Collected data
-.-.-

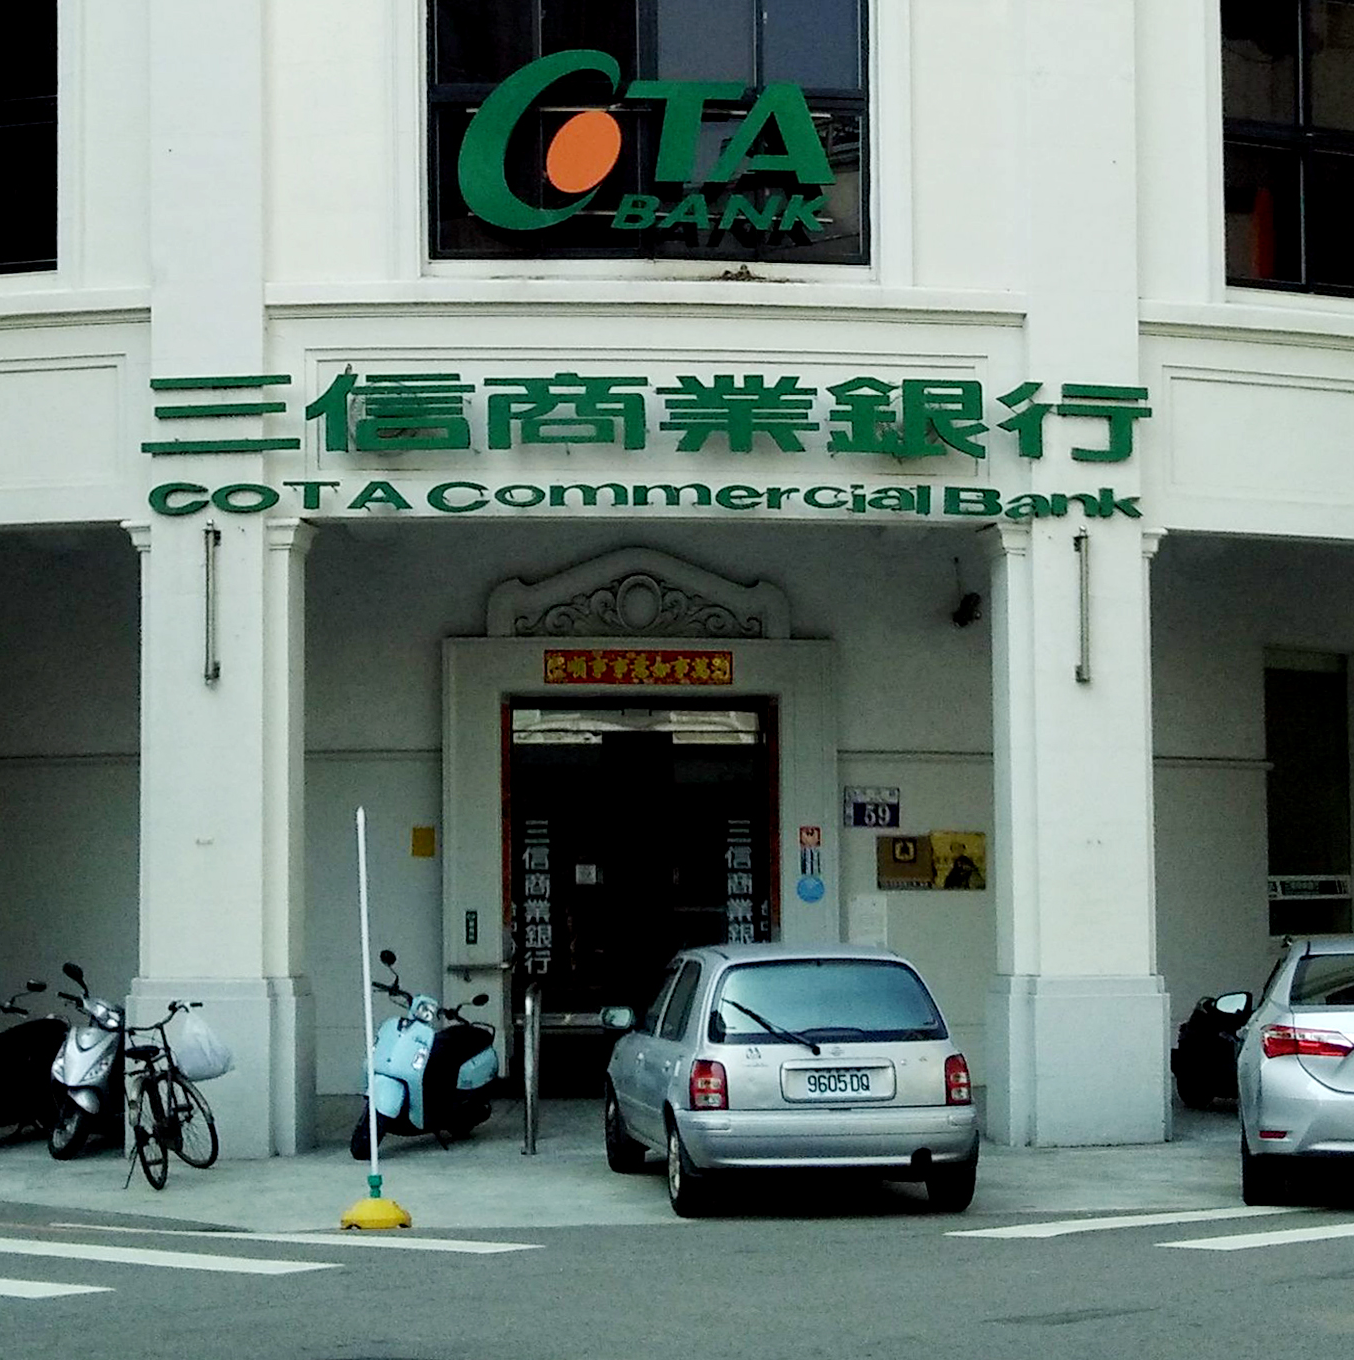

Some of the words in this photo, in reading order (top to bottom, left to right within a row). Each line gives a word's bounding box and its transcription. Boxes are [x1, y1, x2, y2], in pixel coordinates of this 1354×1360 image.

[610, 193, 828, 232] BANK
[141, 371, 1153, 463] 三信商業銀行
[147, 480, 413, 517] COTA
[426, 480, 932, 516] Commercial
[942, 486, 1144, 519] Bank
[863, 804, 891, 826] 59
[522, 819, 552, 975] 三信商業銀行

-.-.-

Omit every picture while transcribing the records above exactly.

**Problem solution**:
Some of the words in this photo, in reading order (top to bottom, left to right within a row). Each line gives a word's bounding box and its transcription. Boxes are [x1, y1, x2, y2], in pixel coordinates of this 1354×1360 image.

[610, 193, 828, 232] BANK
[141, 371, 1153, 463] 三信商業銀行
[147, 480, 413, 517] COTA
[426, 480, 932, 516] Commercial
[942, 486, 1144, 519] Bank
[863, 804, 891, 826] 59
[522, 819, 552, 975] 三信商業銀行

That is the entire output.